Von Thomas Böhme
Zum Brecht-Jahr 1998 fehlt es nicht an Huldigungen und Jubiläumsveranstaltungen. Einhellig, ja fast andächtig wurde der 100. Geburtstag eines Dichters gefeiert, der sein Publikum einst nachdrücklich zum Gebrauch des Verstandes aufforderte ("Glotzt nicht so romantisch!").
Ein anderer Merksatz, den Bertolt Brecht hinterlassen hat, lautet: "Die Widersprüche sind die Hoffnungen." Getreu dieser Maxime schuf der Leipziger Schriftsteller Thomas Böhme ("Alle Spur wird Fell") eine Brecht-Würdigung eigener Art.
Als posthume Gabe zum 100. Geburtstag trug Böhme bei einer Leipziger Brecht-Lesung ein Gedicht vor, dessen Verse er dem großen Brecht-Antipoden und lüsternen Nihilisten Gottfried Benn in den Mund gelegt hatte. Böhme, 42, bediente sich vor allem beim "späten" Benn, indem er die Diktion von Benn-Gedichten wie "Melancholie" aufnahm. Der Titel "An den Kollegen im russischen Sektor" erklärt sich damit, daß Benn in den Nachkriegsjahren im Berlin der Westalliierten lebte, Brecht aber jenseits der Sektorengrenze.
Über die "Ausgangsidee" des Gedichtes, das SPIEGEL special erstmals einem größeren Publikum zugänglich macht, sagt Böhme, er habe überlegt, was die beiden Großen des 20. Jahrhunderts miteinander hätte verbinden können: "Nach dem Expressionismus gab es zwar nicht sehr viel, aber immerhin die ,Spelunke' und den Sex als unerschöpfliche Inspirationsquelle."
Man geht sich aus dem Weg, man würde sich nicht grüßen.
Zum Glück, Berlin ist groß und neuerdings geteilt.
Gewiß, es ehrt Sie, daß Sie manchmal für die süßen
wohlfeilen Schnuten schwärmen, und was soll man dafür büßen,
daß der Verstand oft aussetzt, ewig eingekeilt
von Ritualen und der Lust auf einen Ritt.

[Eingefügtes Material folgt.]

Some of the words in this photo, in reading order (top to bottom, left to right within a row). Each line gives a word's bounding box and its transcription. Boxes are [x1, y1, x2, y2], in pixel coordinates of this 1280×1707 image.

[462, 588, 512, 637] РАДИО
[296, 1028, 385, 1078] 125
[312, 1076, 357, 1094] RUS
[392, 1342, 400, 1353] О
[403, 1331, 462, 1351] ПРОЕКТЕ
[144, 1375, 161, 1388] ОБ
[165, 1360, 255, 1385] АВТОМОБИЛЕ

Der Rest ist Affenzirkus, Suppenkasperei, Verschnitt.
Wenn man beim Biere sitzt, vom Fusel leicht benommen,
dann fragt man sich, was dieses Pack erregt.
Was man auch hören mag, es bleibt verschwommen.

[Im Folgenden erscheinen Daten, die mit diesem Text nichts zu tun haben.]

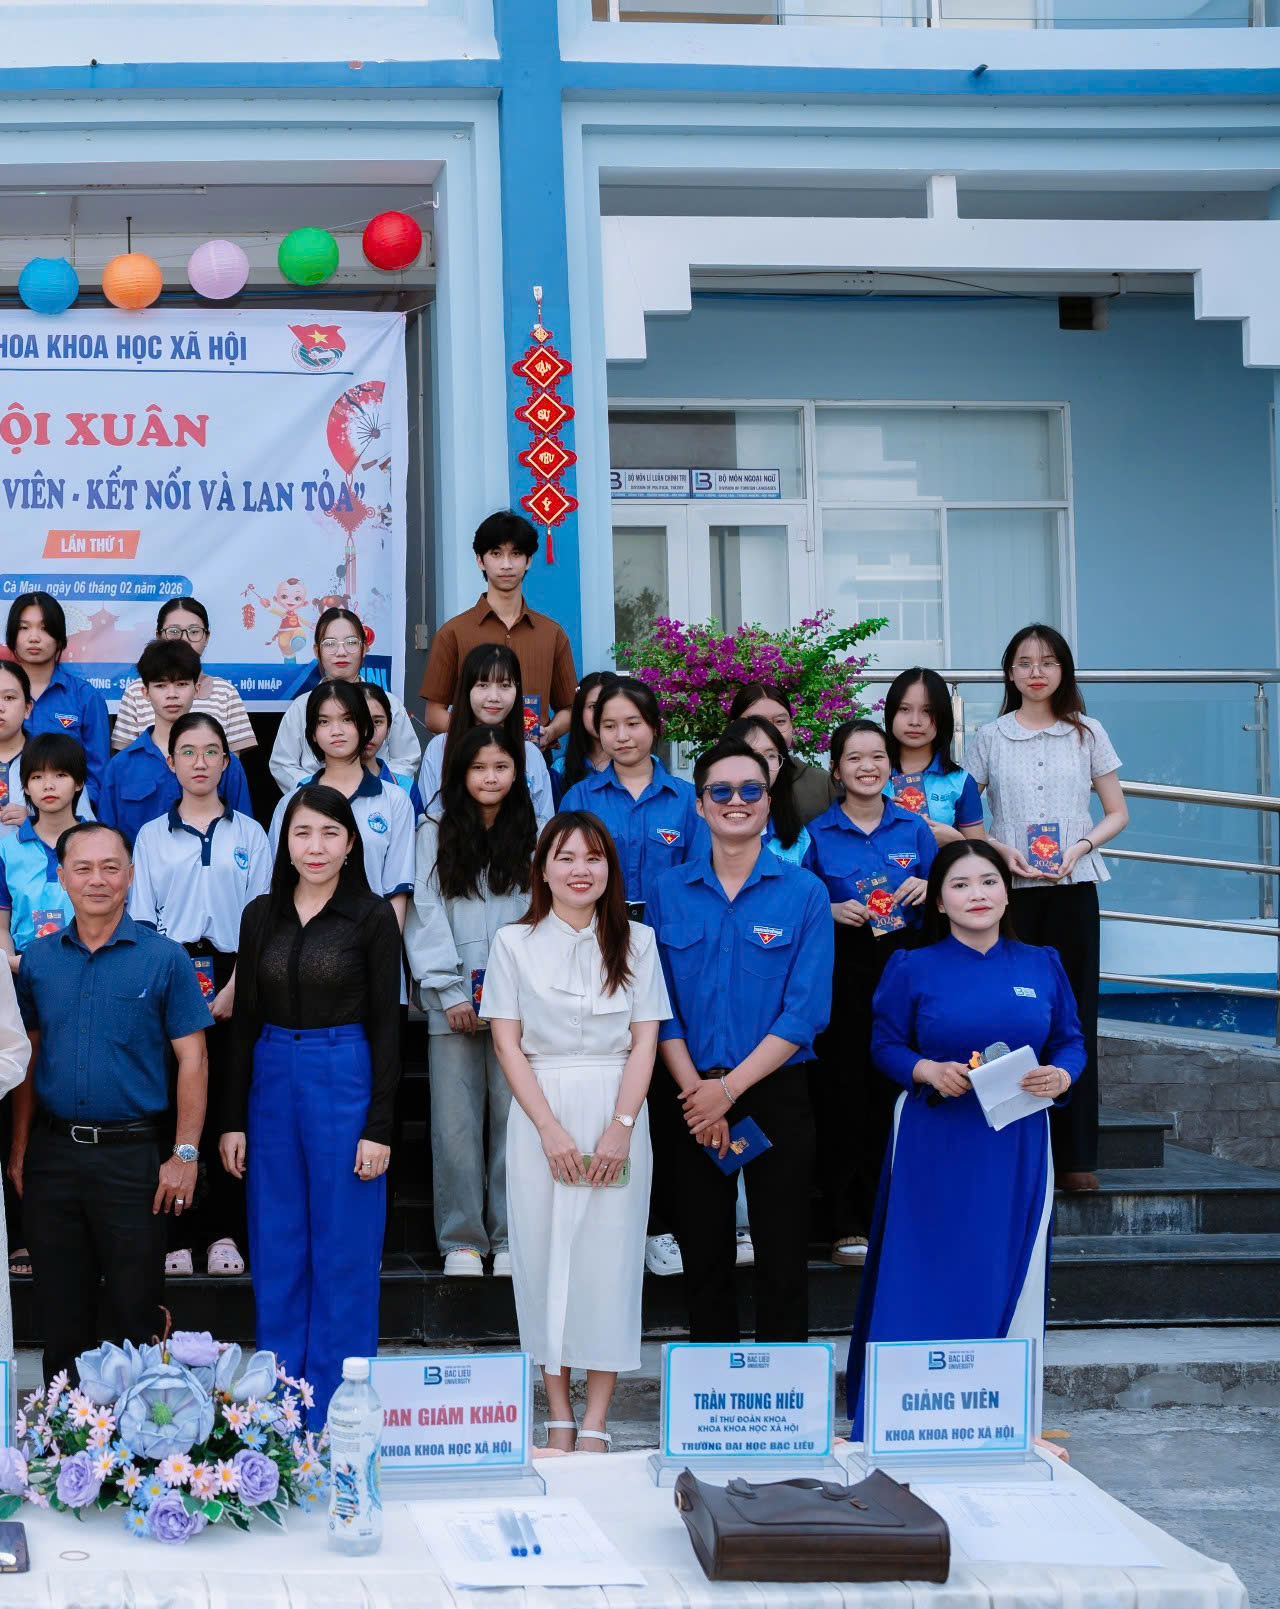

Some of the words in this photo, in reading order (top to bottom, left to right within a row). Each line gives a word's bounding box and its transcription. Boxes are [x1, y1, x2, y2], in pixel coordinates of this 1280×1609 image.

[47, 334, 108, 359] KHOA
[116, 335, 162, 364] HỌC
[170, 331, 201, 360] XÃ
[209, 331, 247, 365] HỘI
[65, 404, 209, 447] XUÂN
[2, 469, 65, 509] VIÊN
[72, 493, 79, 501] -
[86, 464, 138, 510] KẾT
[145, 465, 191, 510] NỐI
[198, 471, 235, 511] VÀ
[243, 481, 294, 512] LAN
[61, 533, 86, 552] LẦN
[90, 534, 115, 552] THỨ
[118, 538, 123, 552] 1
[3, 580, 16, 593] Cà
[46, 581, 71, 595] ngày
[73, 581, 86, 593] 06
[88, 580, 118, 596] tháng
[120, 581, 132, 593] 02
[134, 581, 156, 594] năm
[159, 581, 182, 594] 2026
[240, 678, 255, 691] HỘI
[257, 678, 282, 691] NHẬP
[876, 914, 896, 928] 2026
[444, 1370, 457, 1378] BAC
[458, 1369, 471, 1377] LIEU
[694, 1388, 726, 1410] TRẦN
[730, 1392, 771, 1410] TRUNG
[776, 1387, 804, 1410] HIẾU
[902, 1389, 955, 1411] GIẢNG
[960, 1388, 999, 1409] VIÊN
[418, 1405, 464, 1426] GIÁM
[470, 1400, 517, 1424] KHẢO
[710, 1414, 718, 1423] BÍ
[737, 1414, 760, 1422] ĐOÀN
[749, 1425, 768, 1434] HỌC
[770, 1424, 782, 1432] XÃ
[784, 1423, 798, 1434] HỘI
[885, 1430, 915, 1442] KHOA
[918, 1428, 948, 1440] KHOA
[952, 1428, 974, 1441] HỌC
[978, 1426, 992, 1439] XÃ
[996, 1425, 1014, 1440] HỘI
[380, 1445, 411, 1456] KHOA
[414, 1444, 445, 1456] KHOA
[448, 1442, 472, 1456] HỌC
[474, 1441, 488, 1454] XÃ
[492, 1440, 512, 1455] HỘI
[682, 1440, 722, 1450] TRƯỜNG
[725, 1442, 742, 1452] ĐẠI
[746, 1442, 766, 1452] HỌC
[770, 1442, 790, 1452] BẠC
[794, 1440, 814, 1450] LIÊU

Selbst wenn Sie meinen, bessre Zeiten kommen,
falls man die roten Gäule sattelt. Es ist nicht belegt,
daß was von unten kommt, an seinesgleichen denkt.
Ein Prost auf die Spelunke, und der Rest: geschenkt.

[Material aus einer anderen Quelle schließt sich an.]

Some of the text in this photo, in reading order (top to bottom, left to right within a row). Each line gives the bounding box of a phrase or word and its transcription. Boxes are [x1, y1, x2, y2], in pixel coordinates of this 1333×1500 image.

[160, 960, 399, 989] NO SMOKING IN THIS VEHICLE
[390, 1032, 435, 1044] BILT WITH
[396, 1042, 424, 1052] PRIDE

Der Schleim, der in uns kocht, und nicht die Illusionen
bewegt die Welt, Sie müßten das doch wissen.
Bestand allein hat das Erinnern an die Konvulsionen
in diesem oder jenem Schoß, und dann verschlissen
die schönen Leiber, krätzig ausgeschissen.
Und denken Sie, man schert sich um Besatzungszonen,
wenn man es warm hat, seinen Koks und Sprit?
Der Rest ist Affenzirkus, Suppenkasperei, Verschnitt.
Und hören Sie, Sie sollten auch im Sommer sterben.
Man hat gesudelt und gebarmt, und das, was bleibt,
verscherbeln eh die Herrn und Damen Erben.
Und was den Preis dafür noch in die Höhe treibt,
ist Schweinekram, den man auf die Serviette schreibt,
um da dies Kind aus Milch und Honig zu verderben.
Drum trink ich Ihnen zu, egal ob es Sie kränkt.
Ein Prost auf die Spelunke, und der Rest: geschenkt!